Anne M. McIntosh, Ph.D., of the University of Melbourne in Australia and colleagues found that patients who experienced a seizure in the four weeks following surgery - in the absence of surgery-related triggers such as trauma or swelling - were eight times more likely to have persistent epilepsy several months later. Even among the patients with evidence of these seizure triggers there was a three-fold increase in the likelihood of continuing epilepsy.
The prevailing medical understanding of seizures in the weeks just after epilepsy surgery is that they are likely to be temporary, probably due to swelling or minor trauma suffered by the brain during the operation.
"These findings have implications for patient counselling, but they are also interesting in terms of understanding epilepsy," said lead author Anne M. McIntosh. "We can speculate that some individuals who undergo this procedure have epilepsy that for some reason is more persistent."

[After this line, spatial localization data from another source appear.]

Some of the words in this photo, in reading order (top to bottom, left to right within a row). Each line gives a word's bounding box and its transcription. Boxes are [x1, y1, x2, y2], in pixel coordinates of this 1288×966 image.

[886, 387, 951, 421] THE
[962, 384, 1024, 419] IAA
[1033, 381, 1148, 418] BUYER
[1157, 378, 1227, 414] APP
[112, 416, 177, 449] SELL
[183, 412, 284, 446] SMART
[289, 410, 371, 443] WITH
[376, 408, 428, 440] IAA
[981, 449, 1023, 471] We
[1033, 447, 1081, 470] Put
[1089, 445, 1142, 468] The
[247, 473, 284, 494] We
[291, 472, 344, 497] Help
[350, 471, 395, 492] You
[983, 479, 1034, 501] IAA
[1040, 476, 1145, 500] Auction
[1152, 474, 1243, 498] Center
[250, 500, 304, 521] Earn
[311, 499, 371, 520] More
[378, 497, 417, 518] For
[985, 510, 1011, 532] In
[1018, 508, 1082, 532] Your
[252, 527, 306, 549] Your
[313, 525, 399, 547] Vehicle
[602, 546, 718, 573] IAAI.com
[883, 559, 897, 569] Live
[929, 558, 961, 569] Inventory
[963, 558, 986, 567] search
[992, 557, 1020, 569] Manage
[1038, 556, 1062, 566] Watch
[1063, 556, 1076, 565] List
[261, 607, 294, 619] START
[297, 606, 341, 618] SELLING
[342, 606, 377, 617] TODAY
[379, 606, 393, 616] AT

Given that surgery is only performed in cases where the disease is debilitating, these results do not cast doubt on the procedure itself. "Many subjects who have a return of epilepsy still have ongoing benefit from the procedure in terms of reduced seizure frequency," said McIntosh.
"About 20 percent of patients have epilepsy that does not respond to medication, and perhaps a third of these may be suitable for surgery," said McIntosh.
This is particularly true of temporal lobe epilepsy, where seizures begin in the temporal lobe of the brain and spread to other regions.